▶ **TRY IT**
Could you restate the whole listing word for word?

▶ **RECORDS SUPPLIED**
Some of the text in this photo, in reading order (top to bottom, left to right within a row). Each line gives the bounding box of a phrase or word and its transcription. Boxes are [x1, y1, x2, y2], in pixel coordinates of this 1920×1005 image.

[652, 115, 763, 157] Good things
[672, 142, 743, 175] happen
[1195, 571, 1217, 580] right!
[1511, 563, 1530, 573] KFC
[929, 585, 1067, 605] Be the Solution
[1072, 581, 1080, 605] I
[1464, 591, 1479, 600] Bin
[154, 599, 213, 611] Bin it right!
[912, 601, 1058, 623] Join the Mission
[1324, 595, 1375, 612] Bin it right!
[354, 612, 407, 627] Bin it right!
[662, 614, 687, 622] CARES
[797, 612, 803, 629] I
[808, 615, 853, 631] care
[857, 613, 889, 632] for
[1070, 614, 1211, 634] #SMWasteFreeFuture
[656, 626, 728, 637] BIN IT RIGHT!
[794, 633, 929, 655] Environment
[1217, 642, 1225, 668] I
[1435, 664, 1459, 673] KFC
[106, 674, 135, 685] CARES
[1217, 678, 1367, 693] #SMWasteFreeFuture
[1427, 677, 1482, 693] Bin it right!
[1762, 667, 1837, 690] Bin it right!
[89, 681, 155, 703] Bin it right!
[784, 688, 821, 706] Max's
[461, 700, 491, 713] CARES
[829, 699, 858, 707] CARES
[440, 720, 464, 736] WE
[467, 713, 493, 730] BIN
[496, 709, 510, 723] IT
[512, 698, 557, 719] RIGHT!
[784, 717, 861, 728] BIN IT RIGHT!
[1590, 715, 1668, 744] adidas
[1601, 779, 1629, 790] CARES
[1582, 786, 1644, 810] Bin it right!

▶ **EXERCISE SOLUTION**
Some of the text in this photo, in reading order (top to bottom, left to right within a row). Each line gives the bounding box of a phrase or word and its transcription. Boxes are [x1, y1, x2, y2], in pixel coordinates of this 1920×1005 image.

[652, 115, 763, 157] Good things
[672, 142, 743, 175] happen
[1195, 571, 1217, 580] right!
[1511, 563, 1530, 573] KFC
[929, 585, 1067, 605] Be the Solution
[1072, 581, 1080, 605] I
[1464, 591, 1479, 600] Bin
[154, 599, 213, 611] Bin it right!
[912, 601, 1058, 623] Join the Mission
[1324, 595, 1375, 612] Bin it right!
[354, 612, 407, 627] Bin it right!
[662, 614, 687, 622] CARES
[797, 612, 803, 629] I
[808, 615, 853, 631] care
[857, 613, 889, 632] for
[1070, 614, 1211, 634] #SMWasteFreeFuture
[656, 626, 728, 637] BIN IT RIGHT!
[794, 633, 929, 655] Environment
[1217, 642, 1225, 668] I
[1435, 664, 1459, 673] KFC
[106, 674, 135, 685] CARES
[1217, 678, 1367, 693] #SMWasteFreeFuture
[1427, 677, 1482, 693] Bin it right!
[1762, 667, 1837, 690] Bin it right!
[89, 681, 155, 703] Bin it right!
[784, 688, 821, 706] Max's
[461, 700, 491, 713] CARES
[829, 699, 858, 707] CARES
[440, 720, 464, 736] WE
[467, 713, 493, 730] BIN
[496, 709, 510, 723] IT
[512, 698, 557, 719] RIGHT!
[784, 717, 861, 728] BIN IT RIGHT!
[1590, 715, 1668, 744] adidas
[1601, 779, 1629, 790] CARES
[1582, 786, 1644, 810] Bin it right!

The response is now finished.